5L'accord de gouvernement qui émerge se noue autour d'un pacte non-dit avec l'autorité royale. Au regard de l'histoire des communes médiévales, on peut se demander toutefois si ce commun accord sur les fins n'est pas un des ressorts de leur existence même4. La règle du do ut des en est bien le métronome. Le fait est particulièrement clair tout au long de la période sur le plan financier. La croissance des budgets municipaux va de pair avec la multiplication des réclamations royales. Cependant, ces relations étroites entre prélèvements fiscaux et redistributions financières pourraient laisser penser à une forme d'instrumentalisation. Si l'on veut reprendre ce concept, il faut se demander dans quel sens il s'applique car à la lecture des incessantes requêtes formulées par les corps de ville on peut croire aussi que les bourgeois tentent de détourner la fiscalité royale au profit de leur communauté, et il n'est pas évident qu'il y ait au final un déséquilibre au profit du roi5. Mais surtout, pour comprendre la substantifique moelle de cette fiscalité, il faut dépasser le paradigme de l'économie. Ses implications anthropologiques déplacent le champ d'analyse une nouvelle fois vers l'acte politique. L'échange entre les villes et le roi s'élargit alors, la notion de service rendu devient multidimensionnelle, multidirectionnelle et fait de chaque interlocuteur des acteurs politiques complémentaires. Alors, si l'on déplace quelque peu le point de vue on peut se demander s'il n'y a pas aussi quelque part instrumentalisation du centre monarchique par la périphérie municipale. La question qui se pose implicitement à la veille des guerres de religion est bien celle de l'évolution individuelle de chacun des intervenants politiques et de la progressive dissociation de leurs nécessités respectives.

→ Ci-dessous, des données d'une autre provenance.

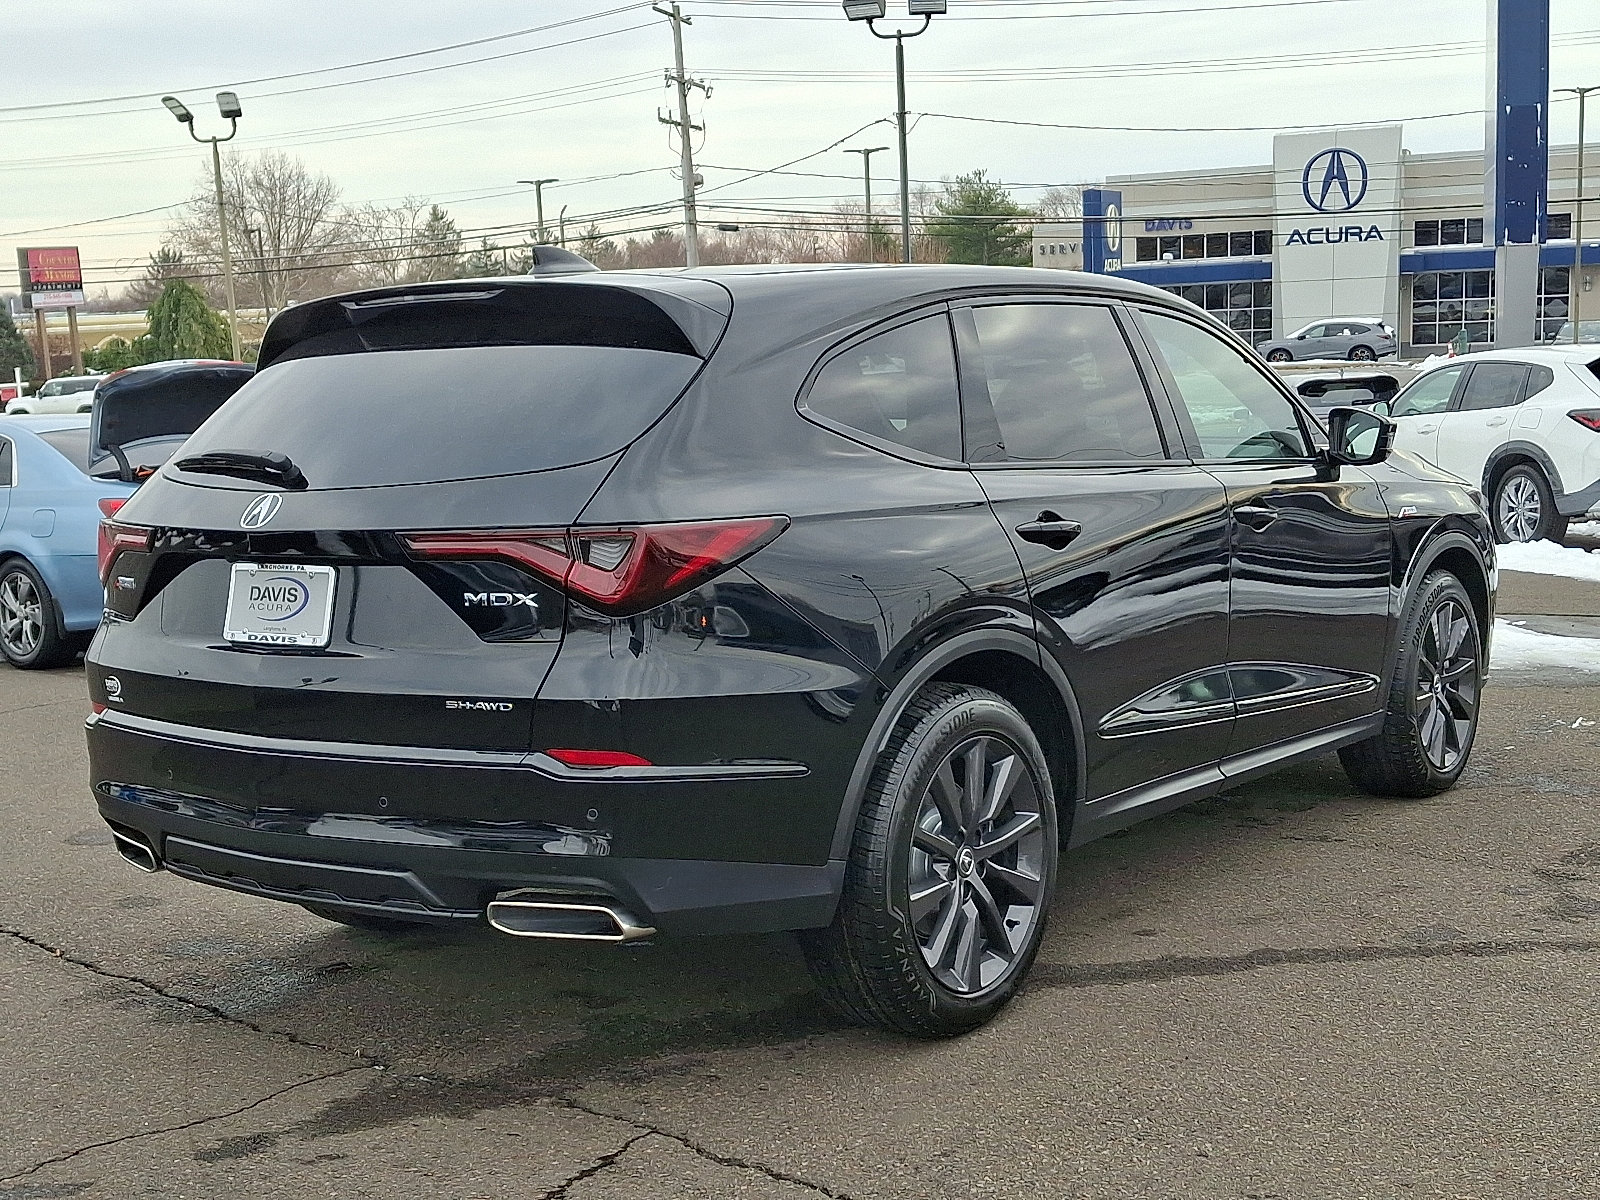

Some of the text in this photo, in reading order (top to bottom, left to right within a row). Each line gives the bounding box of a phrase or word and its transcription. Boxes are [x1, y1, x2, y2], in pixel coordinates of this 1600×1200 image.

[1145, 218, 1193, 232] DAVIS
[1285, 225, 1384, 246] ACURA
[1104, 258, 1121, 272] ACURA
[249, 586, 299, 603] DAVIS
[463, 592, 539, 608] MDX
[248, 602, 292, 612] ACURA
[247, 634, 298, 644] DAVIS

6Avant cette date, il semble clair qu'il y ait une pleine et entière adhésion de la bourgeoisie municipale au modèle de pouvoir que propose le roi. Nulle part il n'est question d'une quelconque résistance. Sans doute l'ordre royal n'est-il pas particulièrement contraignant, mieux encore, offre-t-il aux bourgeois individuellement des avantages certains et collectivement un espoir — sinon une réalité — de participer à une œuvre plus grande encore, le gouvernement du royaume. Les programmes iconographiques dressés à l'occasion des entrées solennelles ne cessent de le rappeler au souverain qui arrive et traduisent même une contestation feutrée d'un ordre royal qui pousse à la centralisation. Ce dialogue constitue même un des socles essentiels de la relation des villes avec le souverain et contribue à développer un espace de médiation politique assurant le développement mutuel du centre et de la périphérie en dehors de toute violence sociale et politique.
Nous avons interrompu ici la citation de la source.